Un de ses avocats, Mark Feïguine, a appelé sur Twitter à «manifester pacifiquement» contre un «verdict criminel».

L'avocat a également annoncé avoir «commencé une série de procédures internationales pour sa libération», dont une auprès du rapporteur de l'ONU pour les droits de l'Homme, bien que Nadia Savtchenko rejette tout recours ou appel.

«L'esprit de Nadia Savtchenko est plus fort qu'une centaine de tribunaux diaboliques du Kremlin. Elle sera libre!», a écrit sur Twitter le premier ministre ukrainien Arseni Iatseniouk.

Son sort devrait être évoqué mercredi à Moscou lors de la visite du ministre allemand des Affaires étrangères Frank-Walter Steinmeier et du secrétaire d'État américain John Kerry.

Sans attendre cette visite, le département d'État américain a qualifié mardi la condamnation de «criant déni de justice».

«Nadia Savtchenko n'a pas eu un procès équitable et sa condamnation est illégitime», a déploré pour sa part Hugh Williamson, le directeur Europe-Asie centrale de l'ONG Human Rights Watch.

Échange de prisonniers

Le président ukrainien Petro Porochenko a aussitôt annoncé qu'il était prêt à l'échanger contre deux Russes détenus en Ukraine.
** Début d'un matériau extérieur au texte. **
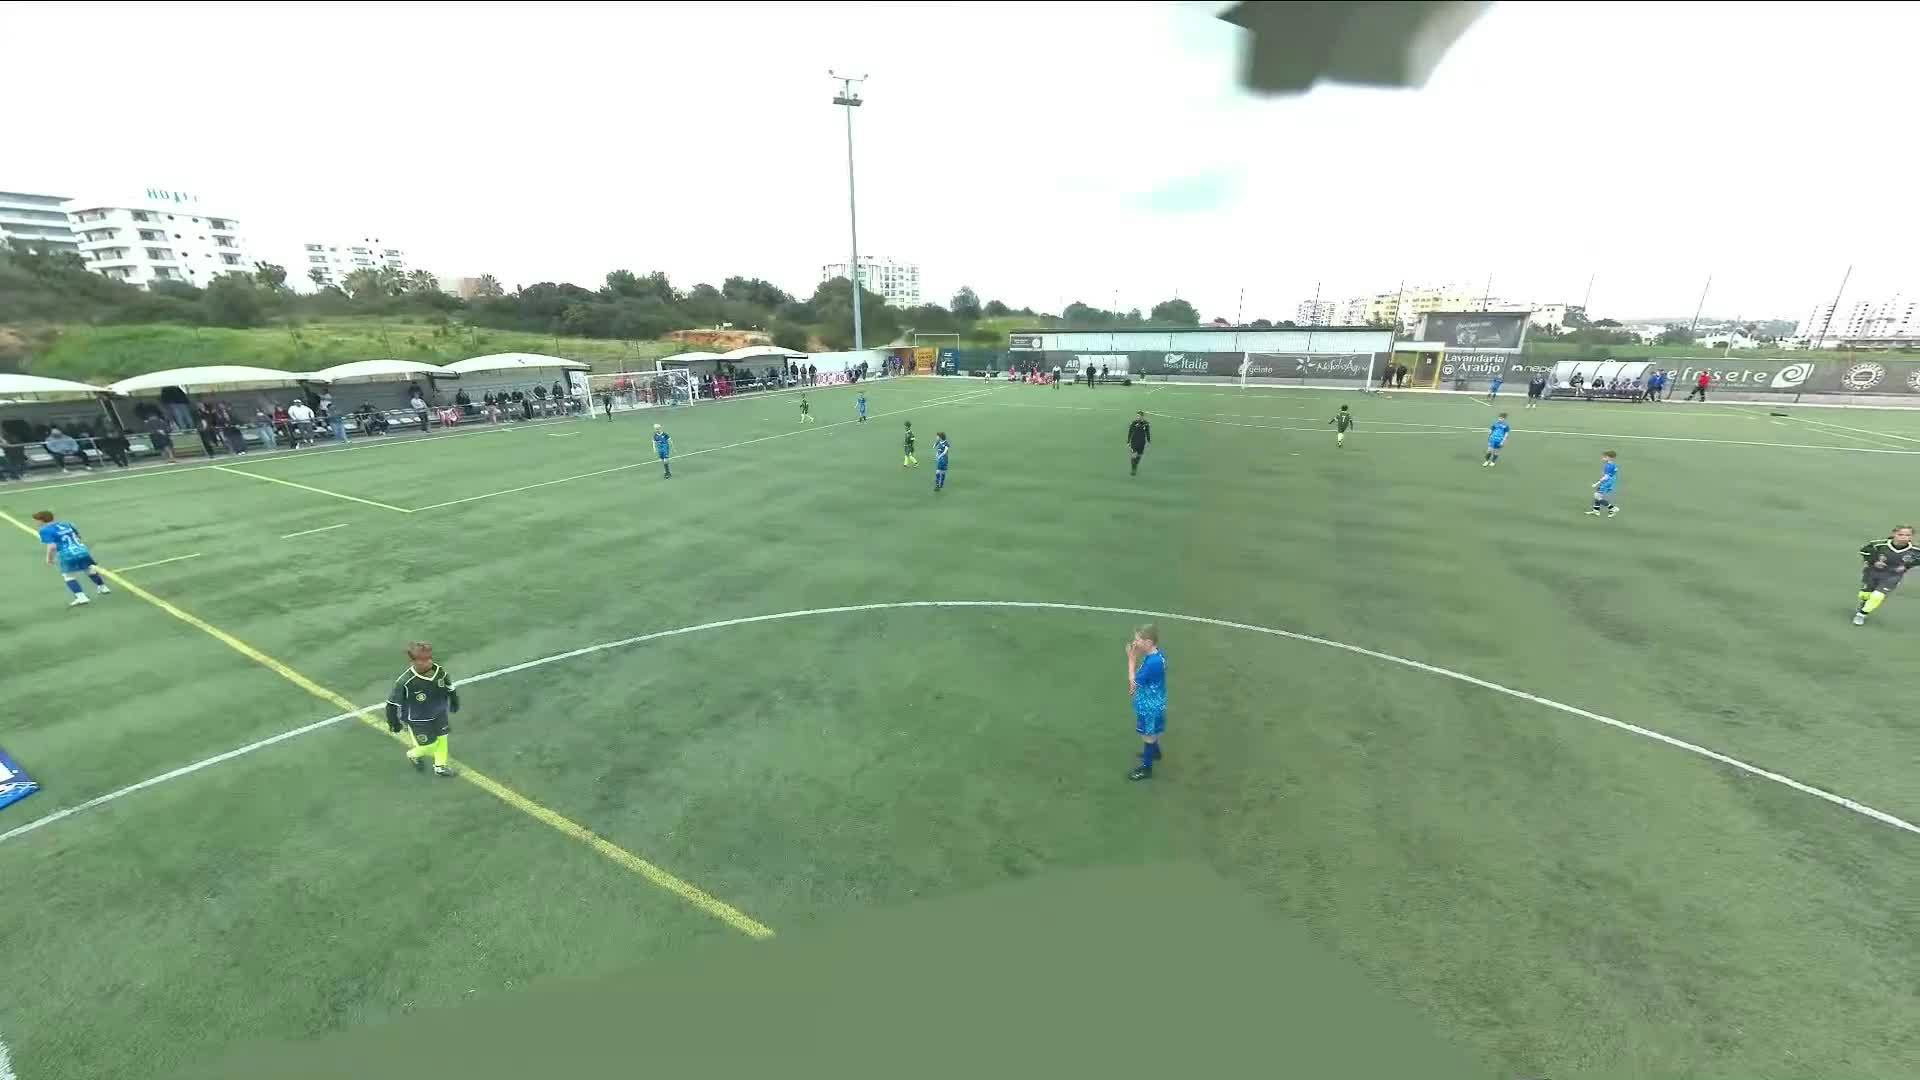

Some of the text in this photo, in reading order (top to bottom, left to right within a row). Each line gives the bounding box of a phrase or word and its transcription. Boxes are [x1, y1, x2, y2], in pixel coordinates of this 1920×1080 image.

[147, 188, 198, 203] HOT
[1444, 353, 1505, 363] Lavandaria
[1458, 362, 1501, 374] Araújo
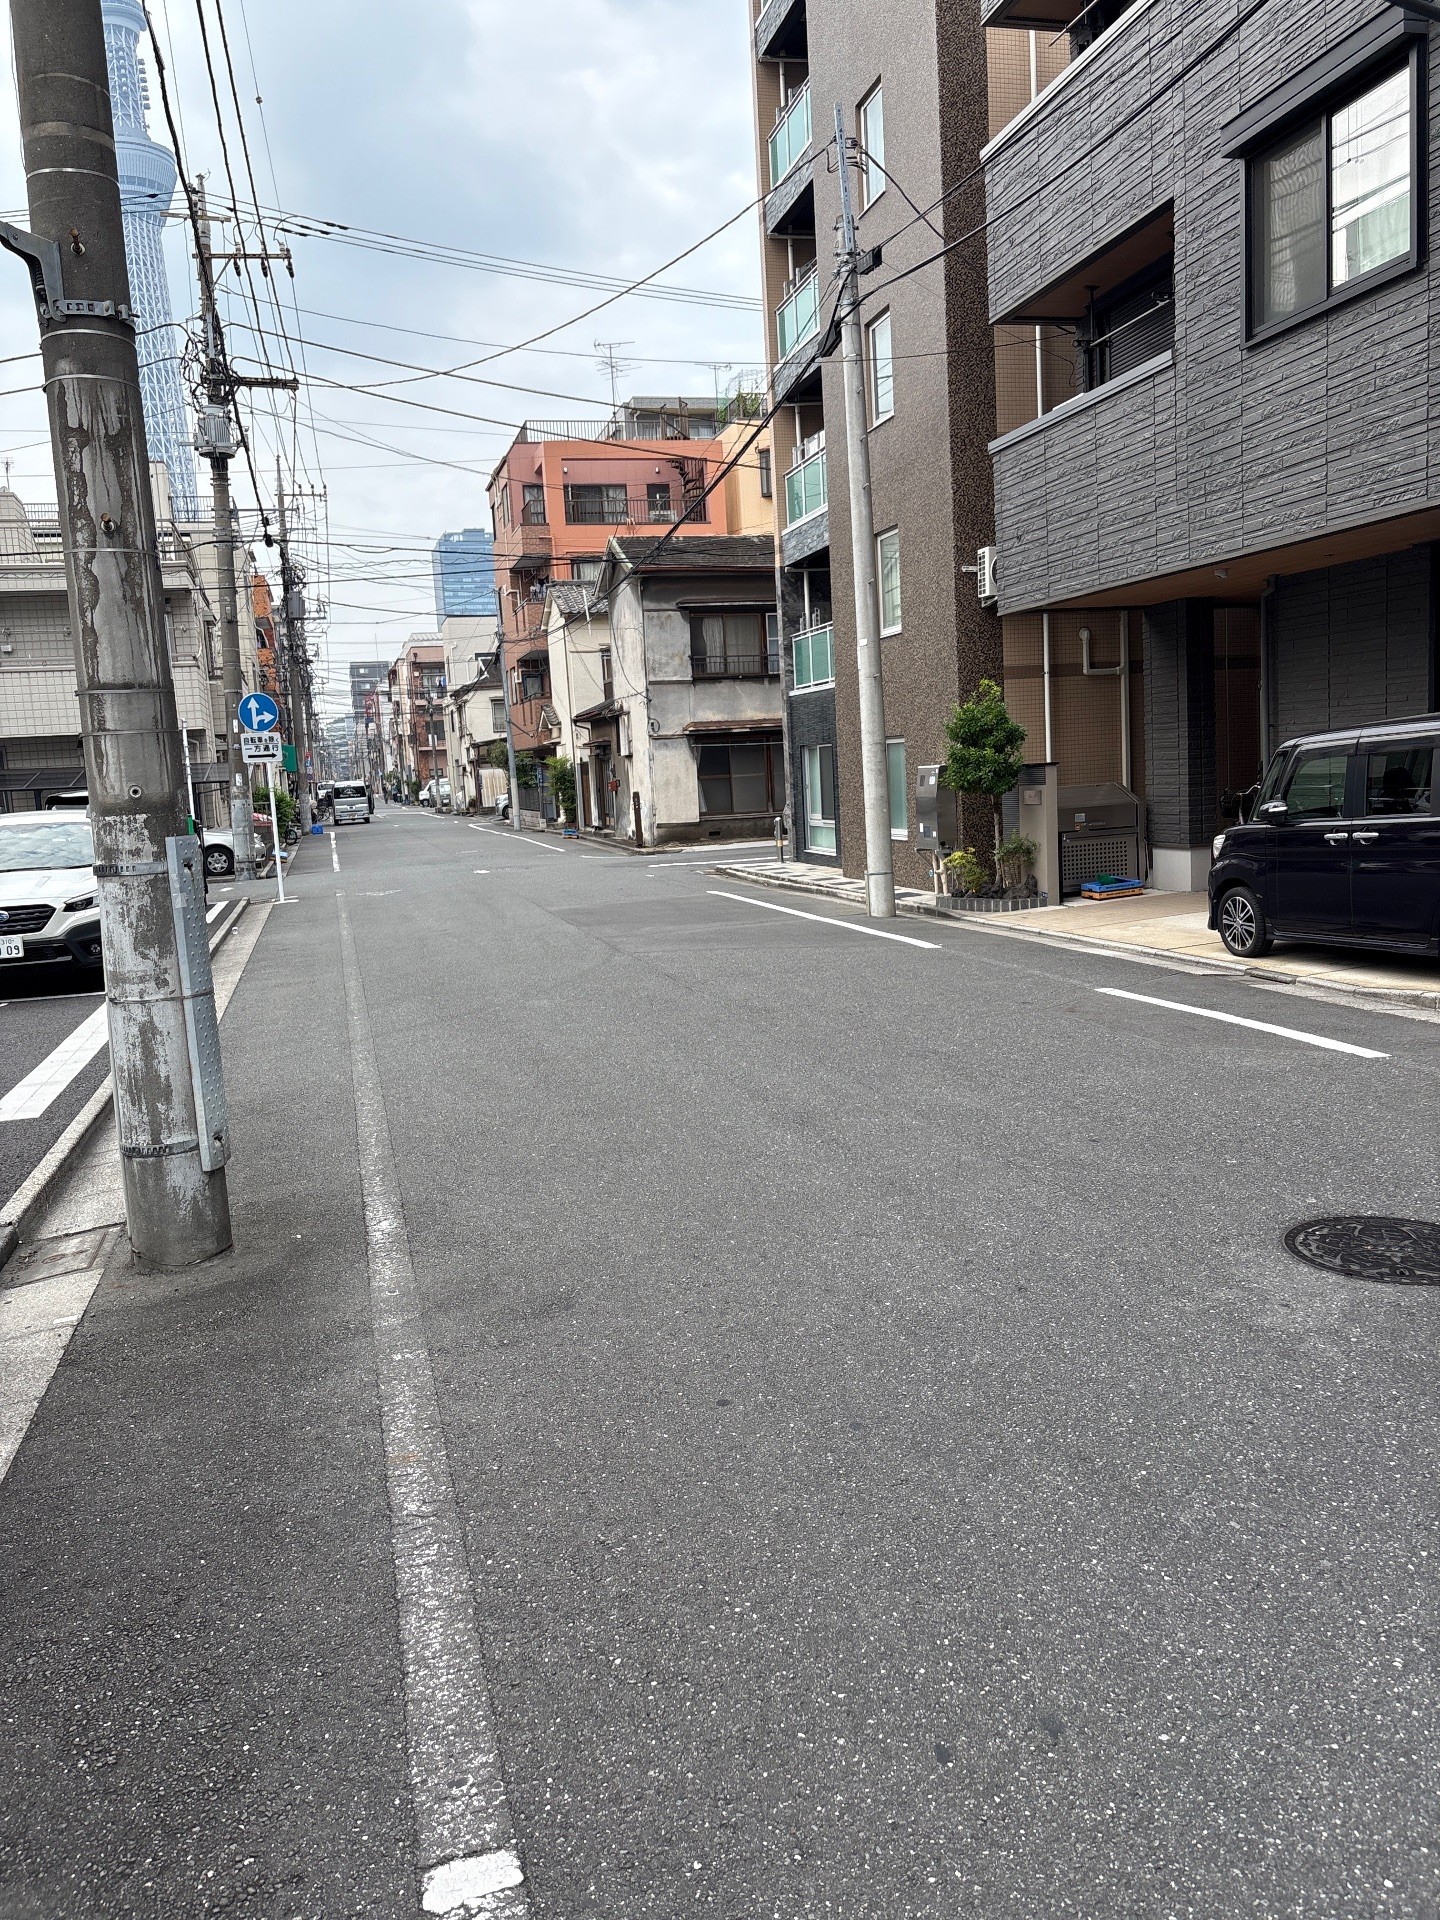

Présentés comme appartenant au GRU, les services de renseignement de l'armée russe, le capitaine Evgueni Erofeïev et le sergent Alexandre Alexandrov ont été capturés en mai dans l'est séparatiste de l'Ukraine et sont actuellement jugés par Kiev, qui les accuse d'avoir combattu contre l'armée ukrainienne.

Interrogé par l'agence de presse russe Ria Novosti sur l'éventualité d'un tel échange, le porte-parole du Kremlin Dmitri Peskov a indiqué que la Russie «respecterait sa législation nationale» et que seul Vladimir Poutine déciderait en dernier recours.

L'affaire Savtchenko a cristallisé ces derniers mois le fossé qui s'est creusé entre Kiev et Moscou depuis l'annexion de la péninsule ukrainienne de Crimée par la Russie en mars 2014, suivie du déclenchement d'une guerre entre l'armée ukrainienne et des rebelles séparatistes prorusses dans l'est du pays qui a fait plus de 9000 morts.

Les accords de Minsk, signés sous l'égide de Berlin et Paris et censés régler le conflit entre Kiev et les rebelles, ont permis de mettre fin à la phase active des combats, mais sans avancée réelle du règlement politique.